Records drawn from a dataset

--------

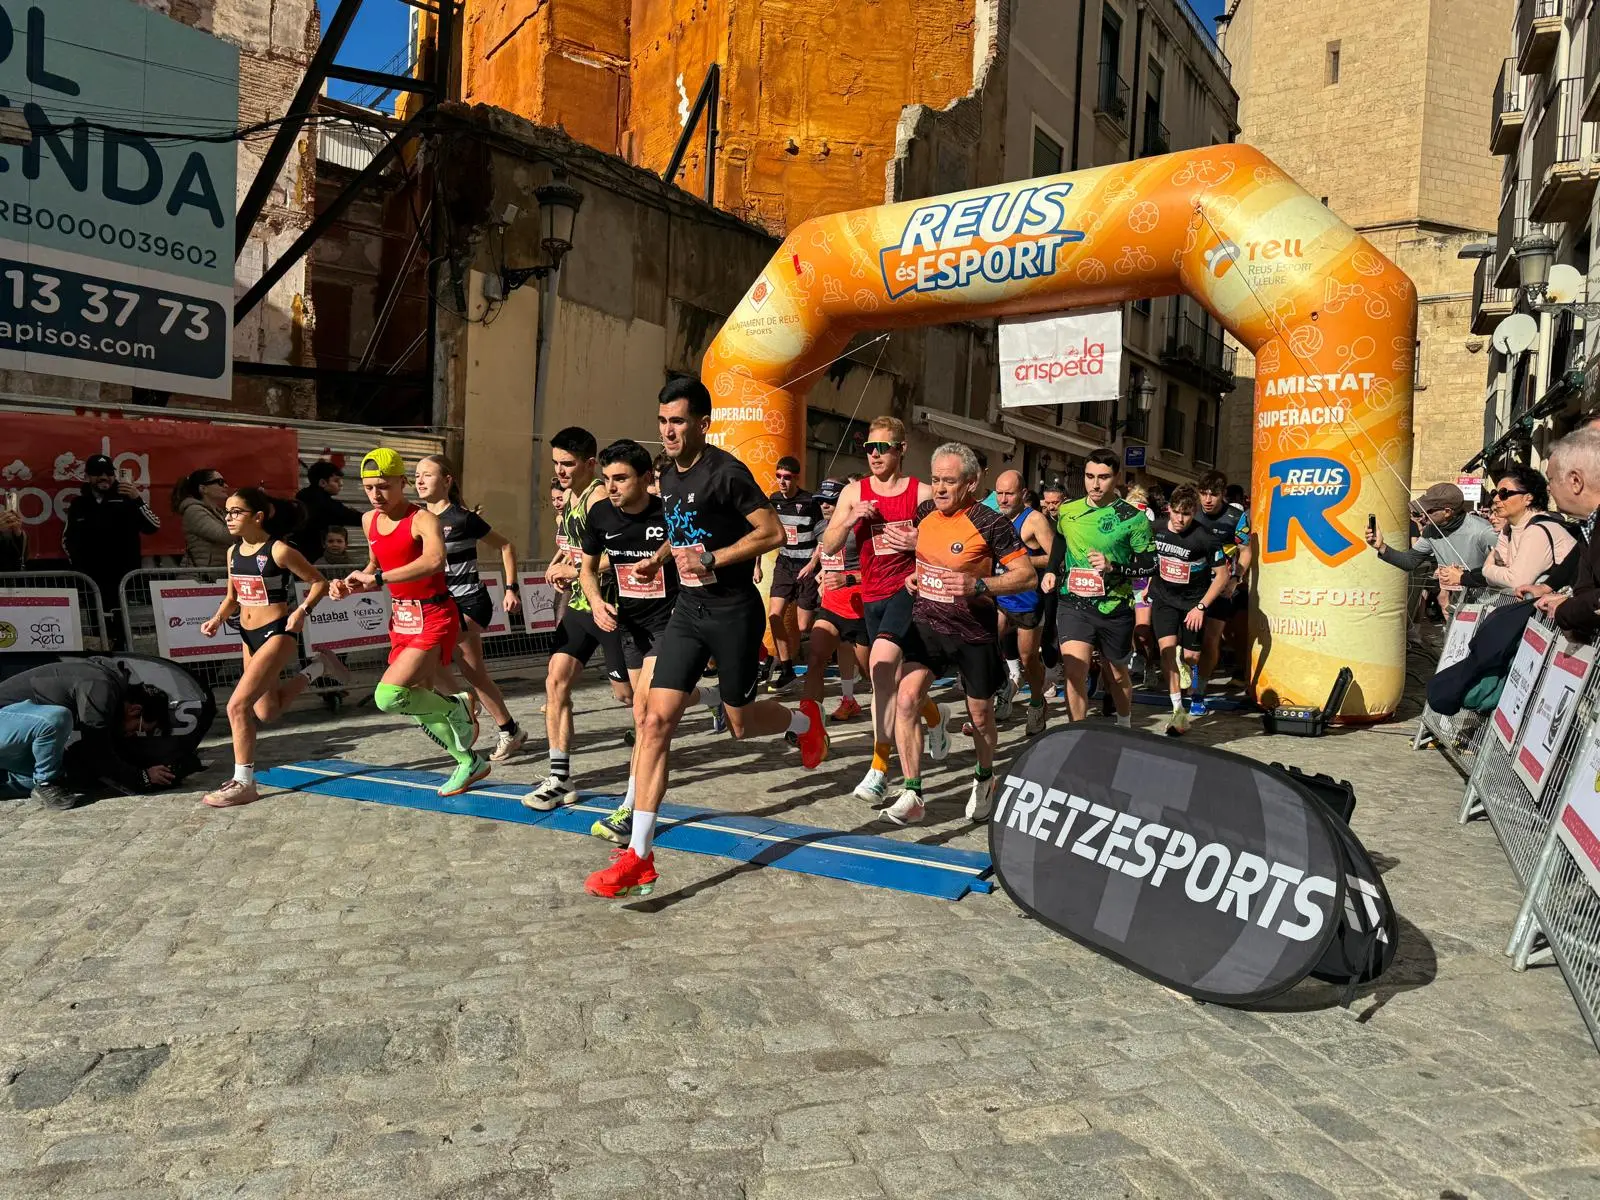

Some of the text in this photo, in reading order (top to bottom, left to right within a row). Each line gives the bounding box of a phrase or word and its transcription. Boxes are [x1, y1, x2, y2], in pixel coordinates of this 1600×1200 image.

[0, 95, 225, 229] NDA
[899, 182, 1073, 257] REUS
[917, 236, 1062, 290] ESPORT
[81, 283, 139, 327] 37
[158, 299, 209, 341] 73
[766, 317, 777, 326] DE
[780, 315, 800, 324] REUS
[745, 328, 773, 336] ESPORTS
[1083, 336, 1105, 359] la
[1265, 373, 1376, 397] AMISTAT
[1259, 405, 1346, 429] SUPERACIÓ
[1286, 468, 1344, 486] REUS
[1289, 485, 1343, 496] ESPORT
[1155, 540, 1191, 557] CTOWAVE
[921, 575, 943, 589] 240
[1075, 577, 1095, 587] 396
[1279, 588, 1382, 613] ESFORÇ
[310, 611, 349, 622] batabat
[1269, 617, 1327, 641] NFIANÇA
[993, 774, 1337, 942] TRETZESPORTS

--------

WHAT IS REQUIRED.
The expected output is each entry given again word for word, with pictures dropped.

RESULT FOR THIS EXERCISE.
Some of the text in this photo, in reading order (top to bottom, left to right within a row). Each line gives the bounding box of a phrase or word and its transcription. Boxes are [x1, y1, x2, y2], in pixel coordinates of this 1600×1200 image.

[0, 95, 225, 229] NDA
[899, 182, 1073, 257] REUS
[917, 236, 1062, 290] ESPORT
[81, 283, 139, 327] 37
[158, 299, 209, 341] 73
[766, 317, 777, 326] DE
[780, 315, 800, 324] REUS
[745, 328, 773, 336] ESPORTS
[1083, 336, 1105, 359] la
[1265, 373, 1376, 397] AMISTAT
[1259, 405, 1346, 429] SUPERACIÓ
[1286, 468, 1344, 486] REUS
[1289, 485, 1343, 496] ESPORT
[1155, 540, 1191, 557] CTOWAVE
[921, 575, 943, 589] 240
[1075, 577, 1095, 587] 396
[1279, 588, 1382, 613] ESFORÇ
[310, 611, 349, 622] batabat
[1269, 617, 1327, 641] NFIANÇA
[993, 774, 1337, 942] TRETZESPORTS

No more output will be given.